Research takes a picture of rural future
February 9, 2009
Note: The articles in the Archives were accurate on the date of publication.
Residents of Viking were given disposable cameras and asked to photograph things they felt defined sustainability in the community.
Twenty-five people in the east-central town of Viking were given disposable cameras and asked to photograph things they felt defined sustainability in the community. The exercise brought some surprising results, says Patricia Macklin, who initiated the research project to complete her master's degree in the Department of Rural Economy.
"The photos served as a jumping-off point for discussing what people felt was most important in sustaining the community," said Macklin, who later interviewed the residents about their pictures. "What emerged was a sense of community pride, a sense of place, which hasn't traditionally been included when it comes to planning for sustainability of rural communities."
While day-to-day factors like environmental concerns and business development play leading roles in such planning, "social capital" is just as important to keeping rural communities alive, said Macklin, a lifelong rural Albertan herself.
In her interviews with 27 residents, aspects of the community's lifestyle were mentioned just as often as economic development in defining sustainability.
"We have to take a more holistic approach to really address sustainability and we have to give it a wider definition," she said.
Macklin advises rural municipal councils to revisit their community development plans regularly and to make sure that residents' input is included. For their part, people need to volunteer and be actively involved in "ensuring that public spaces like libraries and arenas and events like golf tournaments don't disappear. They create that social capital that helps make a community sustainable."

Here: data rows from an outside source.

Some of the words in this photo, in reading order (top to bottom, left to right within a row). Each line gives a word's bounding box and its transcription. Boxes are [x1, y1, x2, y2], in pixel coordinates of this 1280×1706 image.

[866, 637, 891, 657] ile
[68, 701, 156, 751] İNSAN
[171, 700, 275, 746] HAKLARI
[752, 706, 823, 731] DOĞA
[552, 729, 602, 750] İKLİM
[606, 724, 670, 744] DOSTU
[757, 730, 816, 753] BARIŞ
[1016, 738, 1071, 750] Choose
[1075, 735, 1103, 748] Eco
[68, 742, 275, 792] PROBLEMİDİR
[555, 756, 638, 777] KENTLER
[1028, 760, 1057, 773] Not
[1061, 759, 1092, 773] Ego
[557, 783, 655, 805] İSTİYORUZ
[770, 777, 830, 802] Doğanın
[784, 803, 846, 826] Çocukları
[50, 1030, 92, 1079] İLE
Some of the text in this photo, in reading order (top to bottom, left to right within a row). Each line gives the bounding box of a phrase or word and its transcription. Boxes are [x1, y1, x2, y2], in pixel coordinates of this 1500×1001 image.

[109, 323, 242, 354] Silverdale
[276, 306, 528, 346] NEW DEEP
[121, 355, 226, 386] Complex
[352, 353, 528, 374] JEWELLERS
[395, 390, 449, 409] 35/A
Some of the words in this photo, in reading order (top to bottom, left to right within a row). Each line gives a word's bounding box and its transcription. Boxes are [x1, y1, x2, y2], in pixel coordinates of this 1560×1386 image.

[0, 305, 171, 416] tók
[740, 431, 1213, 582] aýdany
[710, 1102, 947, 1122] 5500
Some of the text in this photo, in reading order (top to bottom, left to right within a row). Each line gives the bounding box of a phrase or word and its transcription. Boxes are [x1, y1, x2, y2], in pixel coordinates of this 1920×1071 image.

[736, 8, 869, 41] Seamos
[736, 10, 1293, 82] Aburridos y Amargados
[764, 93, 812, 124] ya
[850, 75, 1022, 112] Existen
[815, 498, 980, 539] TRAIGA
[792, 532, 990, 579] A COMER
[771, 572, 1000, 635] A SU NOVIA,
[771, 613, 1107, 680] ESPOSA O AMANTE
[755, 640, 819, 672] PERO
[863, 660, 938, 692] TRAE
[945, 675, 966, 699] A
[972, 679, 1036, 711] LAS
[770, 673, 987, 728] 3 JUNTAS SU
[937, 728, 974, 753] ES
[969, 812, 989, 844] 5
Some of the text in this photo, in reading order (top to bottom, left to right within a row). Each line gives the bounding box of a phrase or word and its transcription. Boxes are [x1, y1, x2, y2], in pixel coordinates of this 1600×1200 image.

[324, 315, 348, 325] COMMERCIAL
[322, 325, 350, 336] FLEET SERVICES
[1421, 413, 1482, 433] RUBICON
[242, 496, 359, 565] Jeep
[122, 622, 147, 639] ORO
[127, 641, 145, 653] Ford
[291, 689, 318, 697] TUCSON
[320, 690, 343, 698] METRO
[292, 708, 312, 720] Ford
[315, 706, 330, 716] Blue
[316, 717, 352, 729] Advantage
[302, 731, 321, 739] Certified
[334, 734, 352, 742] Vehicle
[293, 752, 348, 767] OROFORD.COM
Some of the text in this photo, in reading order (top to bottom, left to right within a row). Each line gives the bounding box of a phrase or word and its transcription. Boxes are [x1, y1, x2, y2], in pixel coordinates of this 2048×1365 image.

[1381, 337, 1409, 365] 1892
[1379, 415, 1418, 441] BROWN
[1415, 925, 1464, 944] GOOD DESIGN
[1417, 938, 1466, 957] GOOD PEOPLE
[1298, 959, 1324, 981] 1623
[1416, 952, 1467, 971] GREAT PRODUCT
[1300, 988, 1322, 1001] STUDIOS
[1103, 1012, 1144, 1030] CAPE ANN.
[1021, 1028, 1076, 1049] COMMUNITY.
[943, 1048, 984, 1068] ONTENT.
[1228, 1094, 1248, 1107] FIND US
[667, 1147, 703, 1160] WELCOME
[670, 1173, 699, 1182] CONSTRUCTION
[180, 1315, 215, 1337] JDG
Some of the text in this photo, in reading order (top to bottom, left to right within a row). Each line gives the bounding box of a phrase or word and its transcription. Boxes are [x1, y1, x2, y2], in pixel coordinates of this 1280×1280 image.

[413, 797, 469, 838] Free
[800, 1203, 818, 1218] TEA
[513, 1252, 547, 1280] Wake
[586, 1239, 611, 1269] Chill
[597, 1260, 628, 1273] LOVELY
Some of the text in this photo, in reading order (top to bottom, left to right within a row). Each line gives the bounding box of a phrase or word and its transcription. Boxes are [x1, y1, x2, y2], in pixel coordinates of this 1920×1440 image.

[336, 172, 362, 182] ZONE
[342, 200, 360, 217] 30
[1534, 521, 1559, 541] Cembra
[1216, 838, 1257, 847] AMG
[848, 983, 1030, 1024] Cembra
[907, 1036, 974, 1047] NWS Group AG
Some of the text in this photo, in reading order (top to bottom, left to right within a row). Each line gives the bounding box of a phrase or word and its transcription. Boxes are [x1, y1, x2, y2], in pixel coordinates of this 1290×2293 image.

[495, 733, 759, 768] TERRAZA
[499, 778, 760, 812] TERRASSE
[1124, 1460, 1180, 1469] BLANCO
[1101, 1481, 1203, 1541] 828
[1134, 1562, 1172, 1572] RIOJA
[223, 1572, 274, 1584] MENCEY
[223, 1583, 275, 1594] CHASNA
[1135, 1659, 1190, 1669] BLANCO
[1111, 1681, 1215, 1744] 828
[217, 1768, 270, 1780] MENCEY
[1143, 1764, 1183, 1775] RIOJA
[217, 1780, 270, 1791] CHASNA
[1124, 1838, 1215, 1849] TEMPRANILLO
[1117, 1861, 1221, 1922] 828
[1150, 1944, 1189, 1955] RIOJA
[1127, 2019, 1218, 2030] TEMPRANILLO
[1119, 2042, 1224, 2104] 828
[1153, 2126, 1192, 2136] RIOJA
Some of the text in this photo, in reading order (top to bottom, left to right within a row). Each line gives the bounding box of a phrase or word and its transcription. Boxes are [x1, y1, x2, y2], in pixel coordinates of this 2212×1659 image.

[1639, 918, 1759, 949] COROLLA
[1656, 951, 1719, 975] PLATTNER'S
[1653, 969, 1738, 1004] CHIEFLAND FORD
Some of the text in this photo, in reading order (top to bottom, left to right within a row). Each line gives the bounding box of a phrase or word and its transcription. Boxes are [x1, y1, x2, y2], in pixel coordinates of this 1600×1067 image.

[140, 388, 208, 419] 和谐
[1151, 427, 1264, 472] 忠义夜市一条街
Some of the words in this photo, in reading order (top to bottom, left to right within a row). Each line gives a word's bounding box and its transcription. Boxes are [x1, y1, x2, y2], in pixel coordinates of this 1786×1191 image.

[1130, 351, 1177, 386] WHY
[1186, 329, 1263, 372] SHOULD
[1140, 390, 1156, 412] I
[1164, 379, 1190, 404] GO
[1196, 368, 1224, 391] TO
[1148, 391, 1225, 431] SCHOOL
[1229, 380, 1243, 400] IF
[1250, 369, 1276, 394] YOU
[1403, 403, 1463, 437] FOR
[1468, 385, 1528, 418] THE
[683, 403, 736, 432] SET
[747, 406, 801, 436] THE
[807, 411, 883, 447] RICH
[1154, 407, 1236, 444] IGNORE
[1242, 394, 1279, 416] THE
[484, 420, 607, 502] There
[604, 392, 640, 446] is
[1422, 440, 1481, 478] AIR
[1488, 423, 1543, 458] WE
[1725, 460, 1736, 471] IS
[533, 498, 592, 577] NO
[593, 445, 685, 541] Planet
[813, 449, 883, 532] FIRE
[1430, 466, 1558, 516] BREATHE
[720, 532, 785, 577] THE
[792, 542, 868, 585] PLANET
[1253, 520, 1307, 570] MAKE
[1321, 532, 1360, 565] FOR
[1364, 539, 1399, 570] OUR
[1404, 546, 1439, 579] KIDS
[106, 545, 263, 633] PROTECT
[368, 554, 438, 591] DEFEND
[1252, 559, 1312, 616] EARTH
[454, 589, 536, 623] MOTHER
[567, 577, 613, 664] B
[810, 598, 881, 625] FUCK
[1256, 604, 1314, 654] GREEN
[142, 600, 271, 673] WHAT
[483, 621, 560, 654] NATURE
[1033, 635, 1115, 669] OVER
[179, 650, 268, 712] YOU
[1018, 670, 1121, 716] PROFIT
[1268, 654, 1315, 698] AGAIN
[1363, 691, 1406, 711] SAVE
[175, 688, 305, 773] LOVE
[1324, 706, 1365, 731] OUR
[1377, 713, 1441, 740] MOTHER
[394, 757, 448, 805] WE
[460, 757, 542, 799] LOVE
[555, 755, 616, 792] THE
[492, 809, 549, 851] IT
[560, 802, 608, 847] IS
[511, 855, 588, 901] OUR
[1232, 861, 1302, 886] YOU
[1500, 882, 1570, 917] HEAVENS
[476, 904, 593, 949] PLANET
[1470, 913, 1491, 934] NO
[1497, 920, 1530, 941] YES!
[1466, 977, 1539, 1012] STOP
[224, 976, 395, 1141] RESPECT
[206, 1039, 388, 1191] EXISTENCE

Candid snapshots of the town's churches, schools, the hospital and seniors' centre represented indicators of community sustainability, particularly in view of surrounding communities that had lost those services and subsequently, their vitality.
Photos of Viking's restored train station and new arena reflected the satisfaction people felt in co-operating to build and keep such communal gathering places. The photos also spurred stories about building relationships, Macklin added.
A photo of the town's new arena, for instance, hints at the story of how, after the old arena burned down, Viking's residents had to travel back and forth for two years to the neighboring town of Killam to play hockey. "It brought the community together and expanded it to another one. Sustainability is about relationship-building and accepting the idea that neighbouring communities need to work together and work regionally, which will in turn, be important economically," Macklin said.
Another snapshot, of deer living outside town, symbolized a side-by-side relationship with a community other than their own, she noted. "The herd became the coffee-time discussion. People would stop to try to count them, check their condition, and they became a part of the family."
Interviewing youths, Macklin was surprised to find that most of them felt positive about living in a small community, and they also realized that sustainability isn't about services or availability of consumer goods, "but about the need to have people who care, like youth-group leaders. That says to me, if opportunities exist for people to have a style of life and access to a job, small towns don't have to be dinosaurs."
In conducting her interviews, Macklin also discovered homegrown ingenuity, which could be put to good use in research partnerships with universities and governments. For instance, one person voiced an idea for using waste heat from the Viking arena to power a greenhouse business. "If it works in one town, it would certainly work in any number of them.
"I would love to see more interaction between rural communities and government and academia," Macklin said. "Suddenly there's a job for someone and rural communities start keeping their human capital, which means more good ideas will be generated."